A copy of the listing below is needed, exact in every line and without images.

▶ Listed entries
• • •

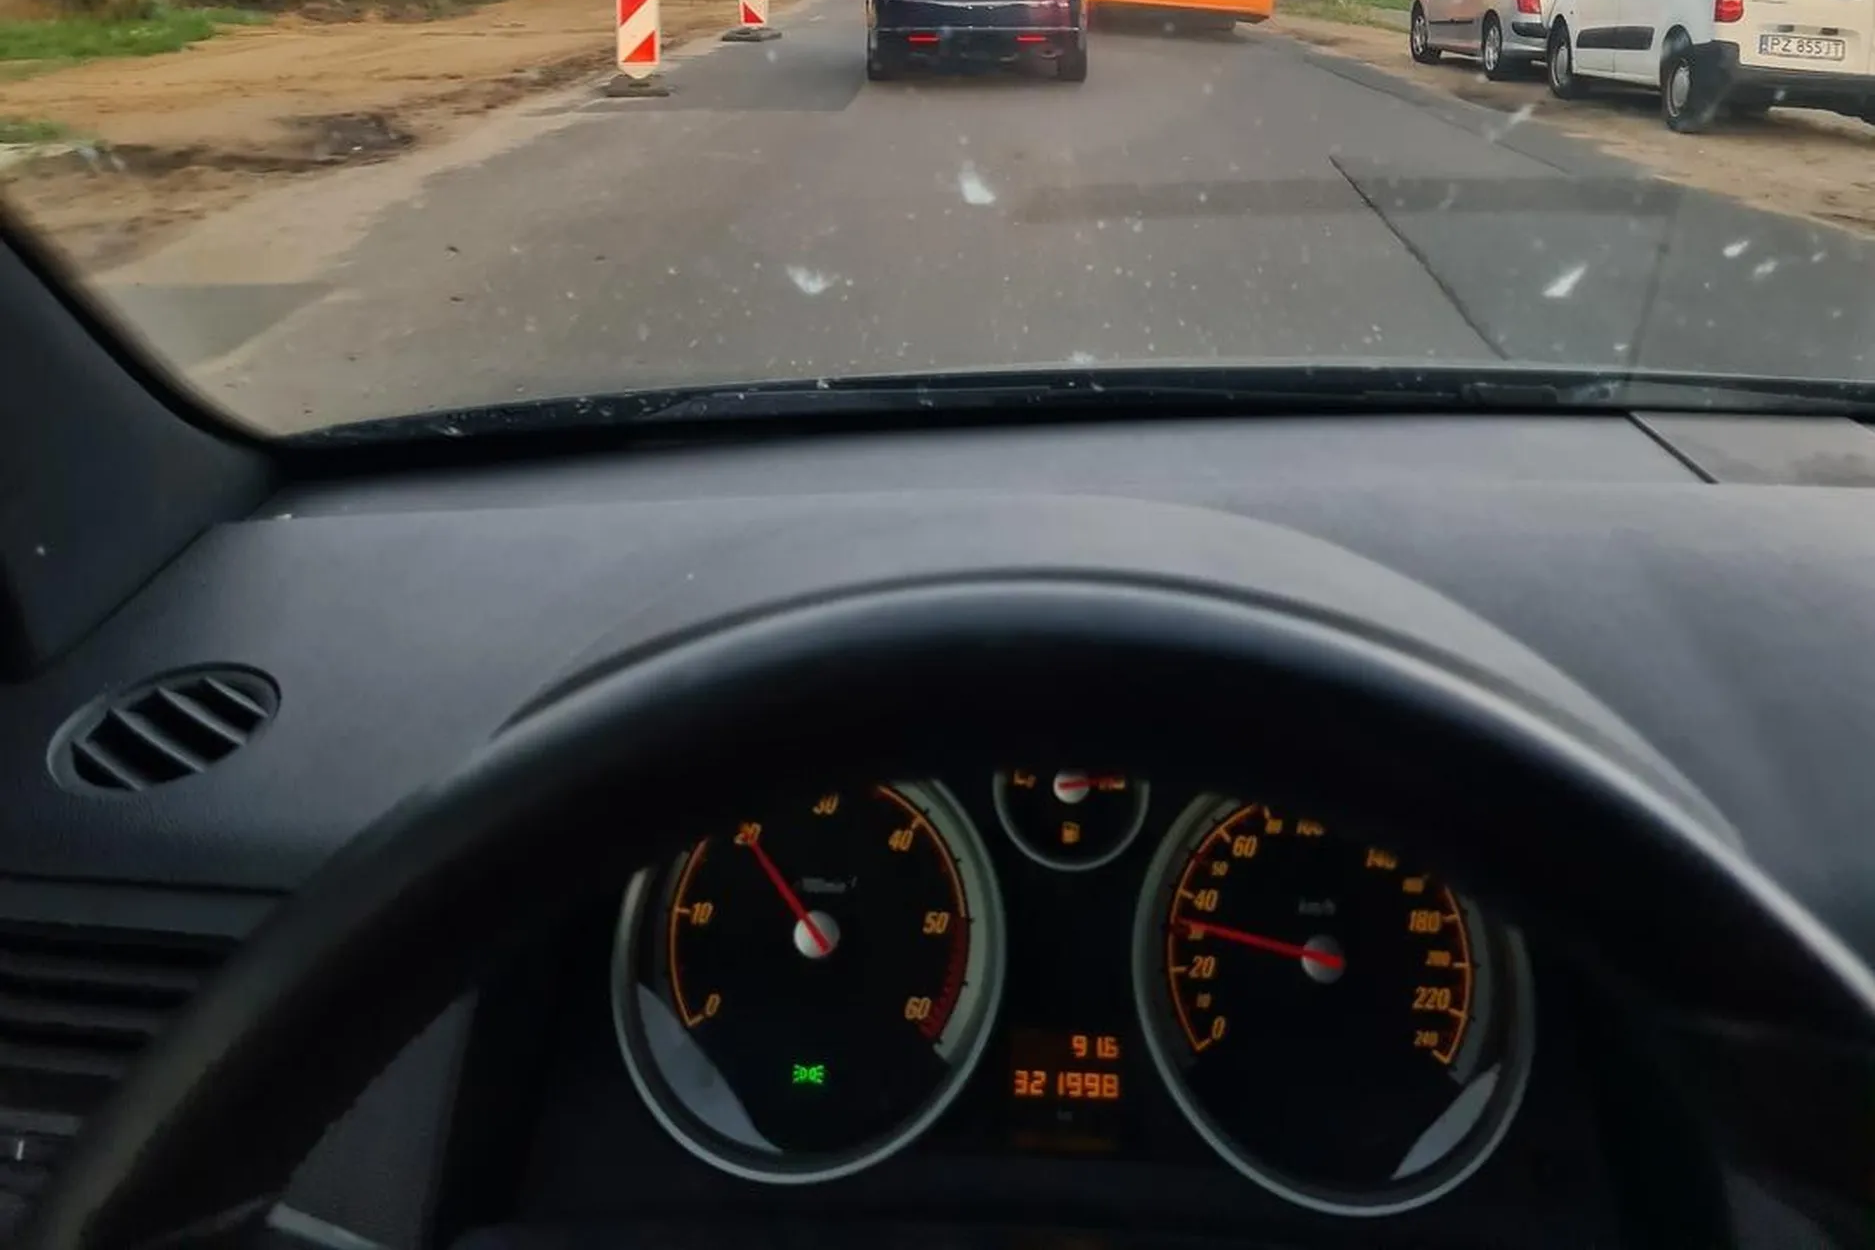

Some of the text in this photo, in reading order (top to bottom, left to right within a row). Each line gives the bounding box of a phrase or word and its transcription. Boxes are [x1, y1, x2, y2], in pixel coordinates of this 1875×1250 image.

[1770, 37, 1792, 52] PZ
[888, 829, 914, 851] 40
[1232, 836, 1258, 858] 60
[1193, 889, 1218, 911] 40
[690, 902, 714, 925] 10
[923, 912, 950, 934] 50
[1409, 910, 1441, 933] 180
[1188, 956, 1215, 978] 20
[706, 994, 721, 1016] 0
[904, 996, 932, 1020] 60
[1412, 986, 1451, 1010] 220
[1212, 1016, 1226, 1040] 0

• • •

▶ Answer to this exercise
Some of the text in this photo, in reading order (top to bottom, left to right within a row). Each line gives the bounding box of a phrase or word and its transcription. Boxes are [x1, y1, x2, y2], in pixel coordinates of this 1875×1250 image.

[1770, 37, 1792, 52] PZ
[888, 829, 914, 851] 40
[1232, 836, 1258, 858] 60
[1193, 889, 1218, 911] 40
[690, 902, 714, 925] 10
[923, 912, 950, 934] 50
[1409, 910, 1441, 933] 180
[1188, 956, 1215, 978] 20
[706, 994, 721, 1016] 0
[904, 996, 932, 1020] 60
[1412, 986, 1451, 1010] 220
[1212, 1016, 1226, 1040] 0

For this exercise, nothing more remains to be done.